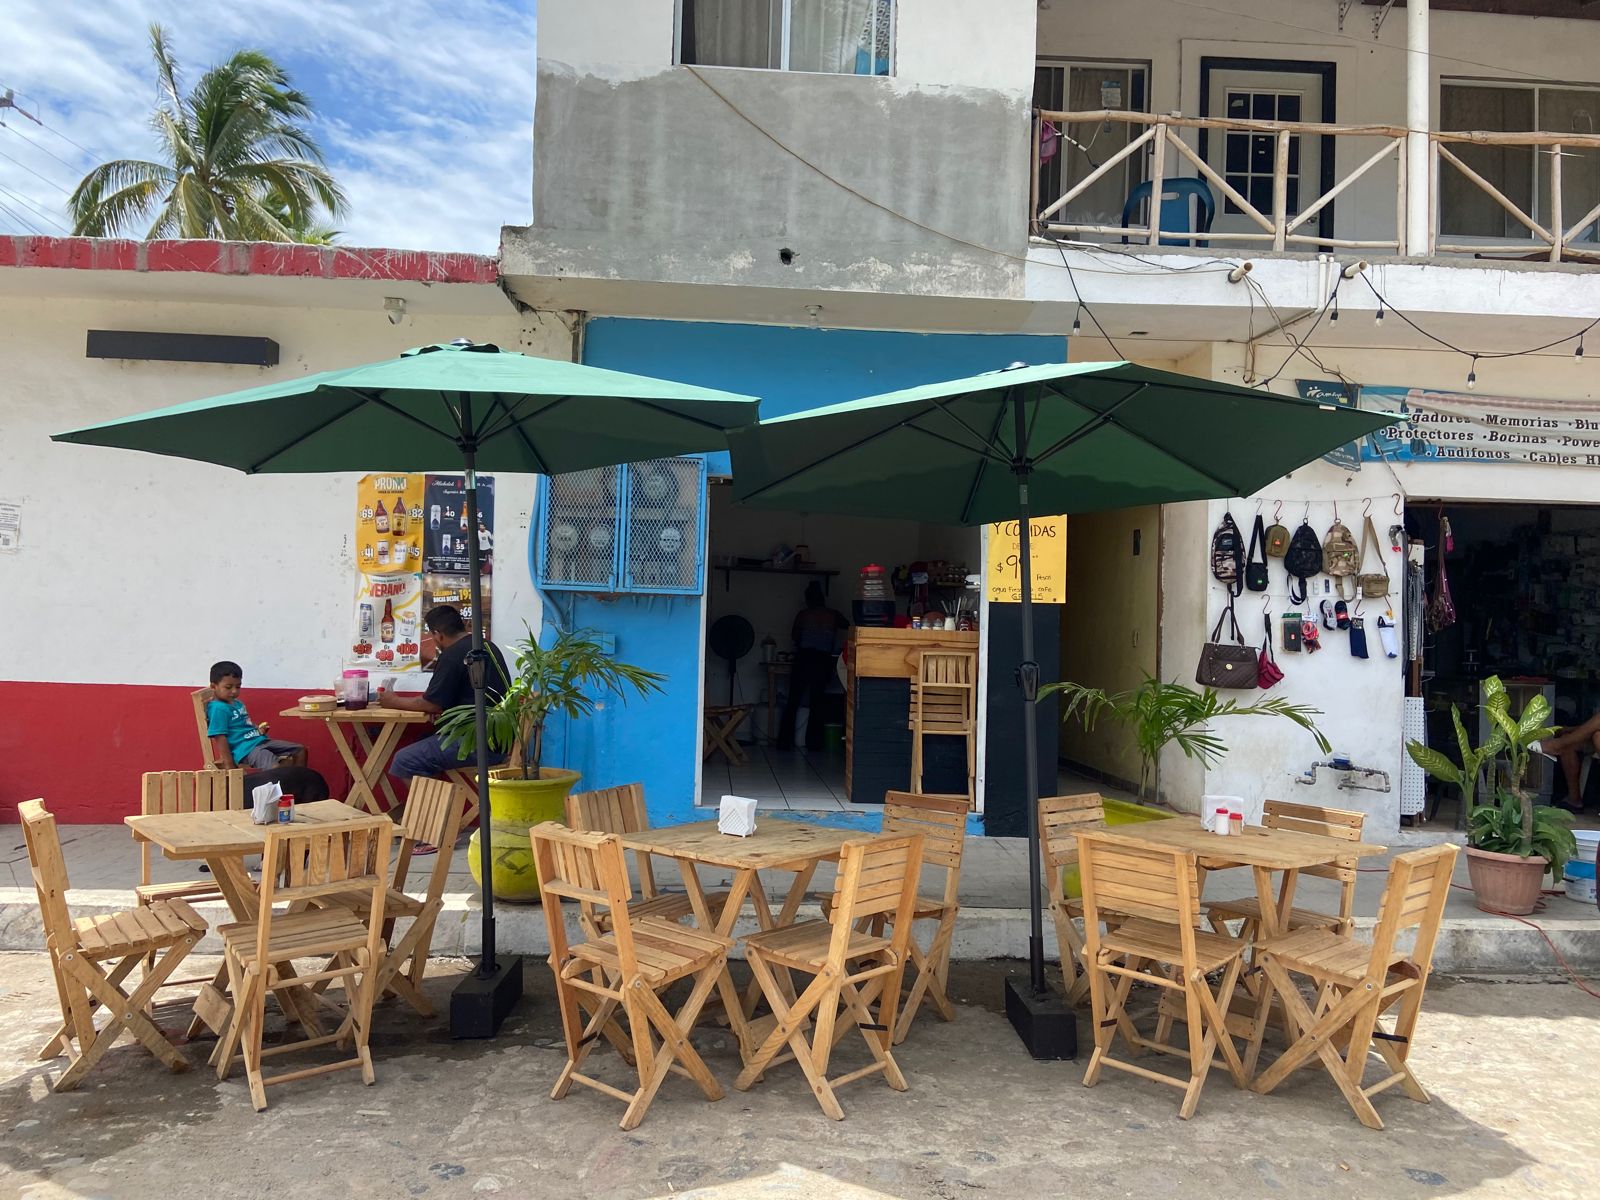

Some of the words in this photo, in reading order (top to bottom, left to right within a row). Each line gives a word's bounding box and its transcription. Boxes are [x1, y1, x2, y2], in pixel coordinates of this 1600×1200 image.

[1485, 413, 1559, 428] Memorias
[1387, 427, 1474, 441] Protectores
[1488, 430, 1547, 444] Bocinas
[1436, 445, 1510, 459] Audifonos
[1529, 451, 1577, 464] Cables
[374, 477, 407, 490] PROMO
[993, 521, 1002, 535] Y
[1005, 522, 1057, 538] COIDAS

____

Exercise goal —
Leave the pictures out, then print every entry exactly as it reads.

Response to the task —
Some of the words in this photo, in reading order (top to bottom, left to right within a row). Each line gives a word's bounding box and its transcription. Boxes are [x1, y1, x2, y2], in pixel coordinates of this 1600×1200 image.

[1485, 413, 1559, 428] Memorias
[1387, 427, 1474, 441] Protectores
[1488, 430, 1547, 444] Bocinas
[1436, 445, 1510, 459] Audifonos
[1529, 451, 1577, 464] Cables
[374, 477, 407, 490] PROMO
[993, 521, 1002, 535] Y
[1005, 522, 1057, 538] COIDAS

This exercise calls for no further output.